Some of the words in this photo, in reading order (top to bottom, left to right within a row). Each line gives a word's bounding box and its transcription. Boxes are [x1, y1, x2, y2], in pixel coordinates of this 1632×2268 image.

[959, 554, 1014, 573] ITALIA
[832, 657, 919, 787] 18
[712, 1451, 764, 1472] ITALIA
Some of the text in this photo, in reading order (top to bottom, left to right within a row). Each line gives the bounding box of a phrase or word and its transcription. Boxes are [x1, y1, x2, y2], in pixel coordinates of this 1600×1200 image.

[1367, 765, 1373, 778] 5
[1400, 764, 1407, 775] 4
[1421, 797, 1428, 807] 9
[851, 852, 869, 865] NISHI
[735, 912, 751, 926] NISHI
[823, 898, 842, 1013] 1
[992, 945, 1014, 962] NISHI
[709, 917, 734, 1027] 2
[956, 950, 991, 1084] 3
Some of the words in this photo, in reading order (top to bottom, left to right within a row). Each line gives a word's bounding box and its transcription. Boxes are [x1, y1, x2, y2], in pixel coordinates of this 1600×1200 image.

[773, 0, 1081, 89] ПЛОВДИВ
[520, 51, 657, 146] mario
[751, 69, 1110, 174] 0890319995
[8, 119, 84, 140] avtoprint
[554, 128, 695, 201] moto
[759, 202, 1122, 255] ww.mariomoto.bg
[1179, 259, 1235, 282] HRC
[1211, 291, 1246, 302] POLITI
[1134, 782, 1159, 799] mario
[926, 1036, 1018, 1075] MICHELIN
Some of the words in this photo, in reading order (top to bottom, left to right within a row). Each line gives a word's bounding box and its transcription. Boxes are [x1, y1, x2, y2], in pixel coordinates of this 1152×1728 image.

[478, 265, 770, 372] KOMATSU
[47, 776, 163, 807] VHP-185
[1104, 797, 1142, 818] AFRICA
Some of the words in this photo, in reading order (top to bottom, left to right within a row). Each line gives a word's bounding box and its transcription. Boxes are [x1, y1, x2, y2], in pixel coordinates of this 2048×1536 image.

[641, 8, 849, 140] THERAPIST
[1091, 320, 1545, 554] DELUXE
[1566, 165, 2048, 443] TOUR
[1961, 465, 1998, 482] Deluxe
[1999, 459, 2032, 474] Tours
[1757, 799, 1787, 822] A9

### [Exercise requirements]
Transcribe every record above exactly as written.

### [Solution to this task]
Some of the words in this photo, in reading order (top to bottom, left to right within a row). Each line gives a word's bounding box and its transcription. Boxes are [x1, y1, x2, y2], in pixel coordinates of this 1632×2268 image.

[959, 554, 1014, 573] ITALIA
[832, 657, 919, 787] 18
[712, 1451, 764, 1472] ITALIA
Some of the text in this photo, in reading order (top to bottom, left to right within a row). Each line gives the bounding box of a phrase or word and its transcription. Boxes are [x1, y1, x2, y2], in pixel coordinates of this 1600×1200 image.

[1367, 765, 1373, 778] 5
[1400, 764, 1407, 775] 4
[1421, 797, 1428, 807] 9
[851, 852, 869, 865] NISHI
[735, 912, 751, 926] NISHI
[823, 898, 842, 1013] 1
[992, 945, 1014, 962] NISHI
[709, 917, 734, 1027] 2
[956, 950, 991, 1084] 3
Some of the words in this photo, in reading order (top to bottom, left to right within a row). Each line gives a word's bounding box and its transcription. Boxes are [x1, y1, x2, y2], in pixel coordinates of this 1600×1200 image.

[773, 0, 1081, 89] ПЛОВДИВ
[520, 51, 657, 146] mario
[751, 69, 1110, 174] 0890319995
[8, 119, 84, 140] avtoprint
[554, 128, 695, 201] moto
[759, 202, 1122, 255] ww.mariomoto.bg
[1179, 259, 1235, 282] HRC
[1211, 291, 1246, 302] POLITI
[1134, 782, 1159, 799] mario
[926, 1036, 1018, 1075] MICHELIN
Some of the words in this photo, in reading order (top to bottom, left to right within a row). Each line gives a word's bounding box and its transcription. Boxes are [x1, y1, x2, y2], in pixel coordinates of this 1152×1728 image.

[478, 265, 770, 372] KOMATSU
[47, 776, 163, 807] VHP-185
[1104, 797, 1142, 818] AFRICA
Some of the words in this photo, in reading order (top to bottom, left to right within a row). Each line gives a word's bounding box and its transcription. Boxes are [x1, y1, x2, y2], in pixel coordinates of this 2048×1536 image.

[641, 8, 849, 140] THERAPIST
[1091, 320, 1545, 554] DELUXE
[1566, 165, 2048, 443] TOUR
[1961, 465, 1998, 482] Deluxe
[1999, 459, 2032, 474] Tours
[1757, 799, 1787, 822] A9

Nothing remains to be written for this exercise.